**ASSIGNED TASK:**
The complete listing goes into the output exactly, without its pictures.

# # #

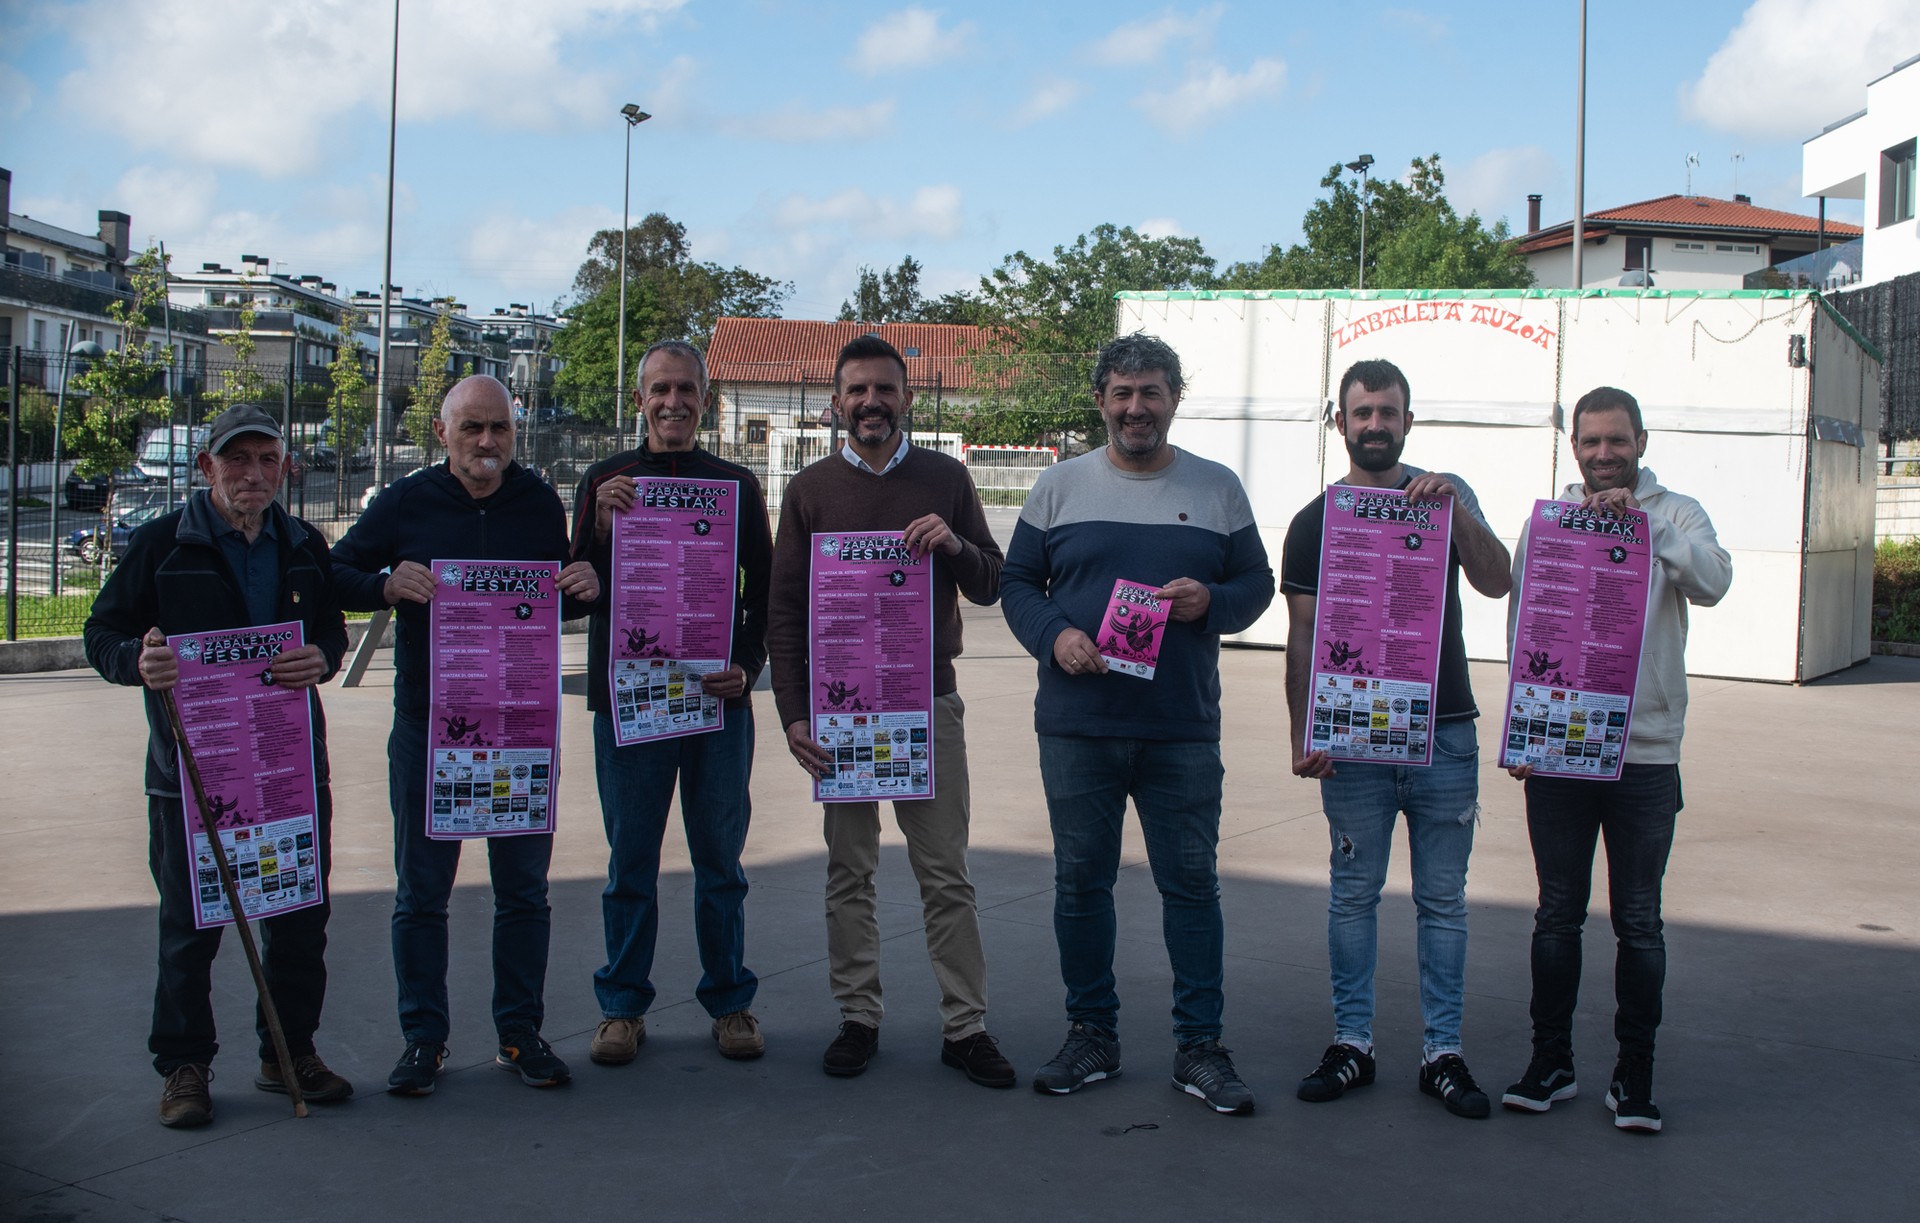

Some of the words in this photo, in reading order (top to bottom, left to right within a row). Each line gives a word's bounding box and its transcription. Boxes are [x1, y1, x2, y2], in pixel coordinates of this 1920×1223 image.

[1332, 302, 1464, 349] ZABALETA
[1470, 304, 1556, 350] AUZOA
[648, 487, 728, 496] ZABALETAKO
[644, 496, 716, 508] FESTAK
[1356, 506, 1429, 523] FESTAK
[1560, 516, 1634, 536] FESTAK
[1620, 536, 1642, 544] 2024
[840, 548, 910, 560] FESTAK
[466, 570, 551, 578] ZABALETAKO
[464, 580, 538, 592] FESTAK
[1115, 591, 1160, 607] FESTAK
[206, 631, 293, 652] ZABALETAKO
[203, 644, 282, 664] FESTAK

# # #

**ANSWER SPACE:**
Some of the words in this photo, in reading order (top to bottom, left to right within a row). Each line gives a word's bounding box and its transcription. Boxes are [x1, y1, x2, y2], in pixel coordinates of this 1920×1223 image.

[1332, 302, 1464, 349] ZABALETA
[1470, 304, 1556, 350] AUZOA
[648, 487, 728, 496] ZABALETAKO
[644, 496, 716, 508] FESTAK
[1356, 506, 1429, 523] FESTAK
[1560, 516, 1634, 536] FESTAK
[1620, 536, 1642, 544] 2024
[840, 548, 910, 560] FESTAK
[466, 570, 551, 578] ZABALETAKO
[464, 580, 538, 592] FESTAK
[1115, 591, 1160, 607] FESTAK
[206, 631, 293, 652] ZABALETAKO
[203, 644, 282, 664] FESTAK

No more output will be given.